- _Data listing_
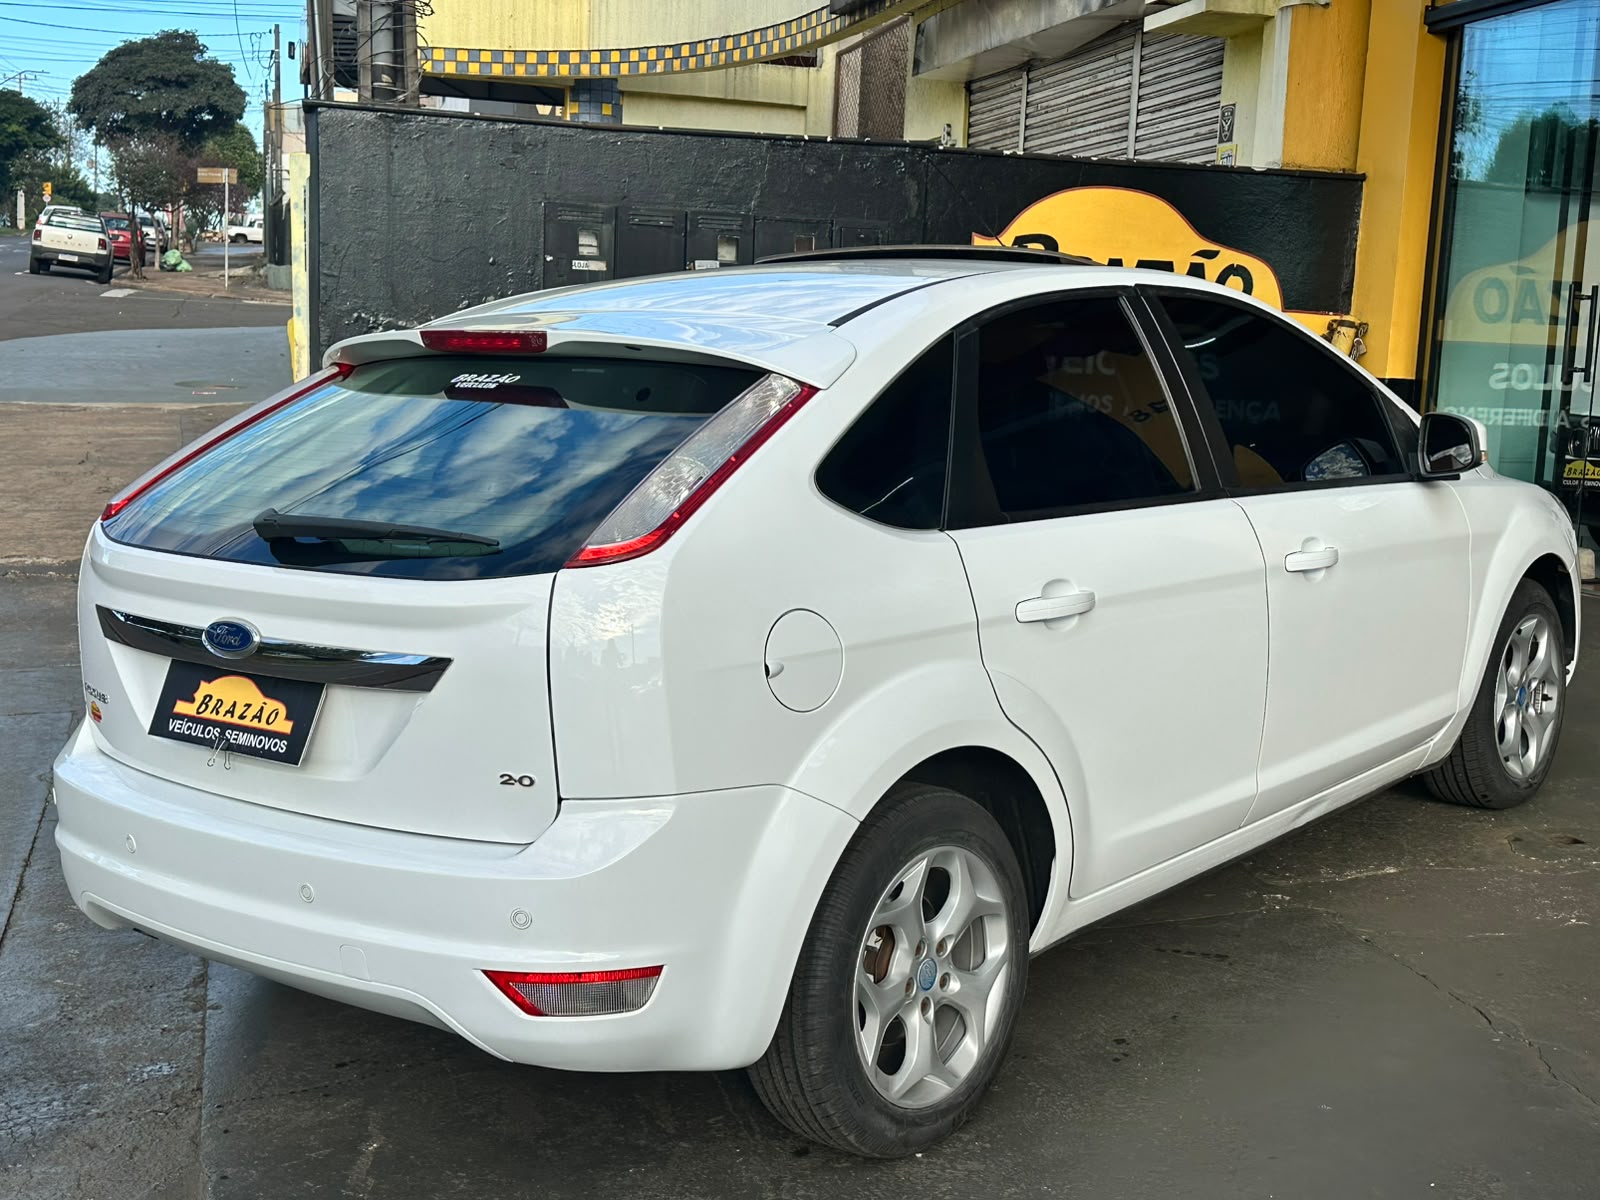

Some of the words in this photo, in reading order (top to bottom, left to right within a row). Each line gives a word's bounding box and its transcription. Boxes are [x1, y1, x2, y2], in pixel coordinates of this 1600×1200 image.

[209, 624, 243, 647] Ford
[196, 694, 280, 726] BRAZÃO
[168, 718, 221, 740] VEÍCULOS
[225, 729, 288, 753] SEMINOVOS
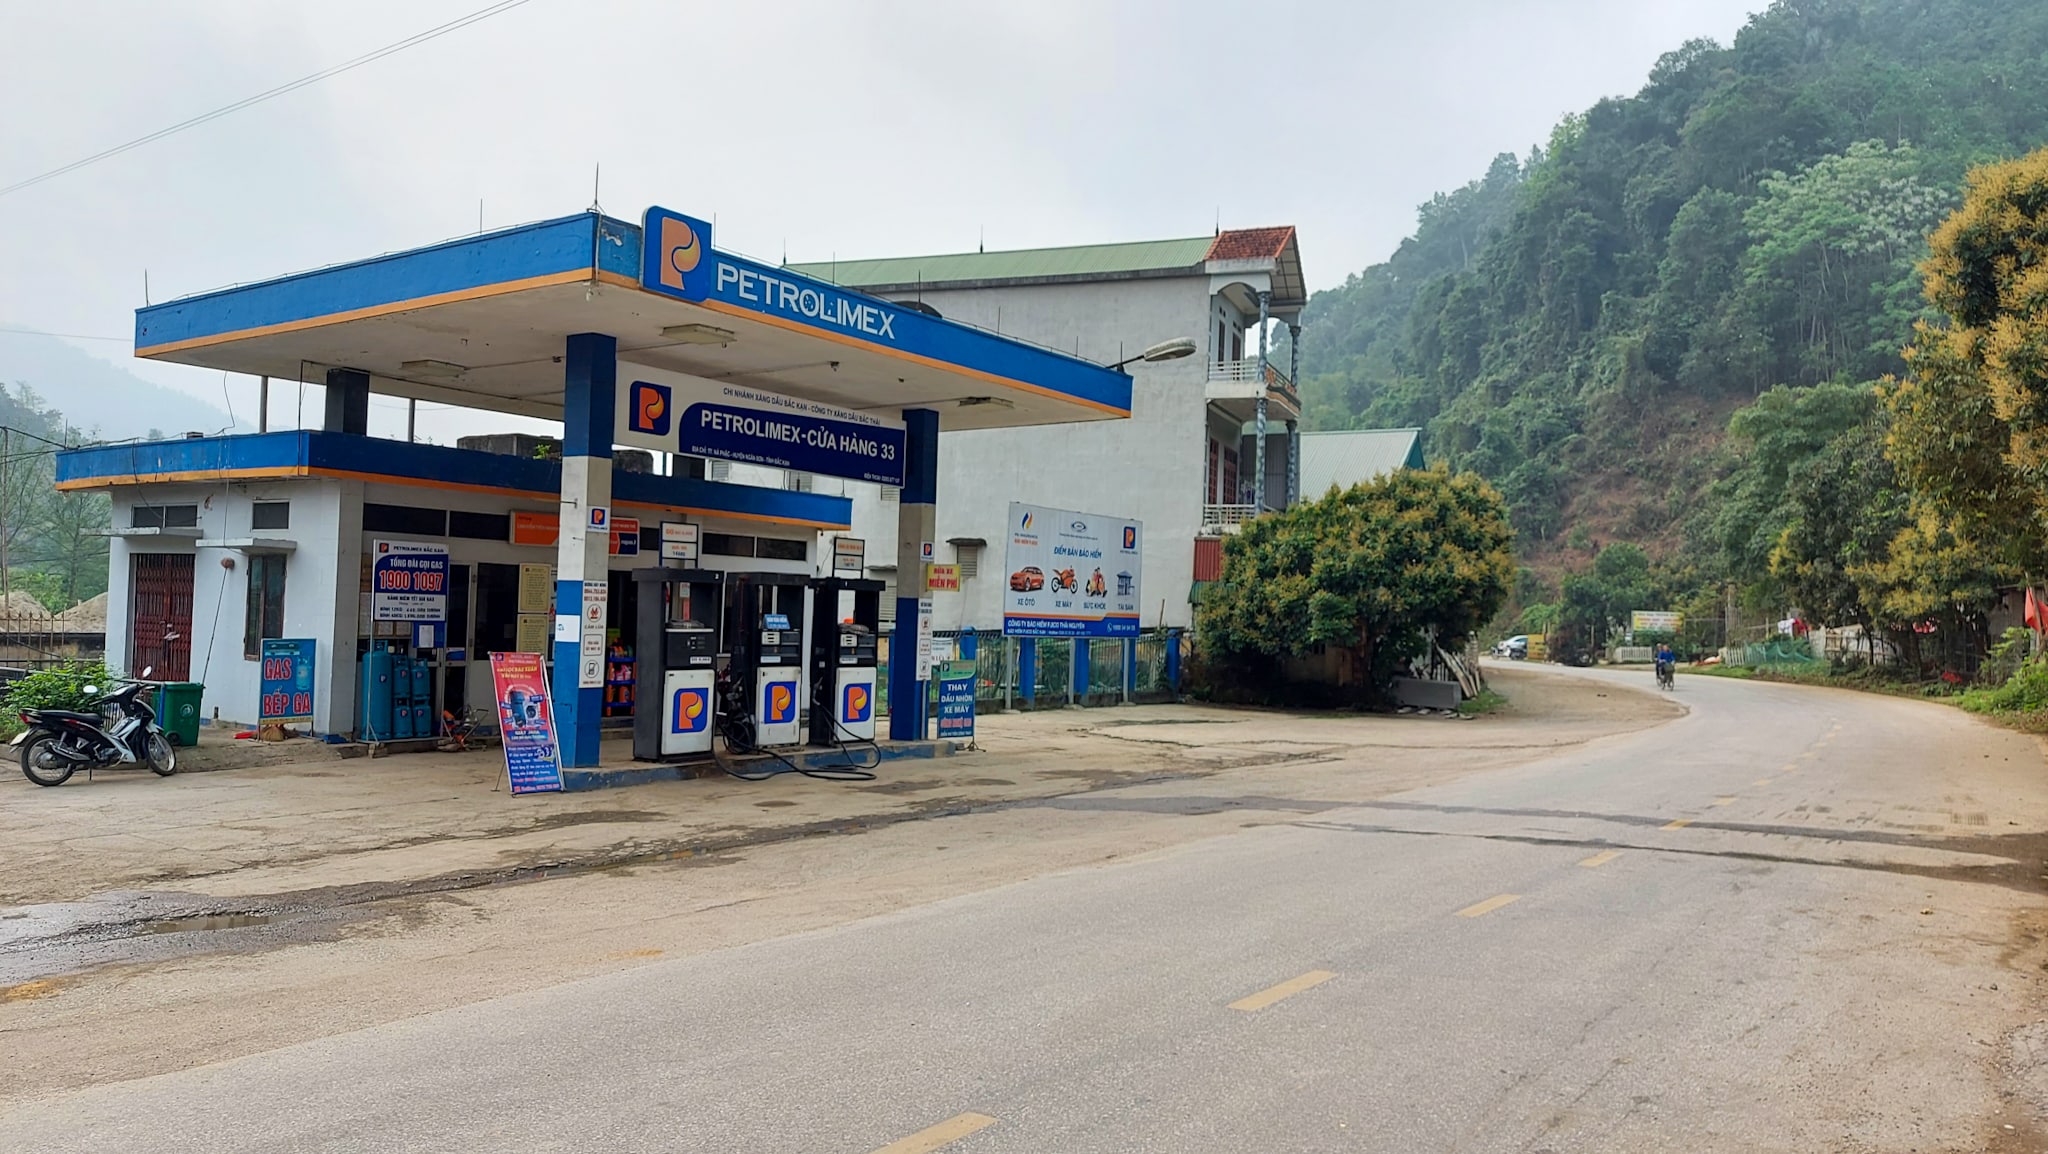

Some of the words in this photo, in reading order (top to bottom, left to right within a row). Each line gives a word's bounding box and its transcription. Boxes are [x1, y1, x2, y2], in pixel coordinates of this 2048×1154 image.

- _What is required_
Each line of the data above is to be output exactly; the pictures are not to appear.

- _Task response_
Some of the words in this photo, in reading order (top to bottom, left to right within a row). Each line gives a word's bounding box and its transcription. Boxes are [x1, y1, x2, y2], in pixel coordinates of this 1600×1200 image.

[209, 624, 243, 647] Ford
[196, 694, 280, 726] BRAZÃO
[168, 718, 221, 740] VEÍCULOS
[225, 729, 288, 753] SEMINOVOS

Some of the words in this photo, in reading order (top to bottom, left to right within a row). Each line gives a word's bounding box and its transcription. Boxes are [x1, y1, x2, y2], in pixel coordinates of this 2048×1154 image.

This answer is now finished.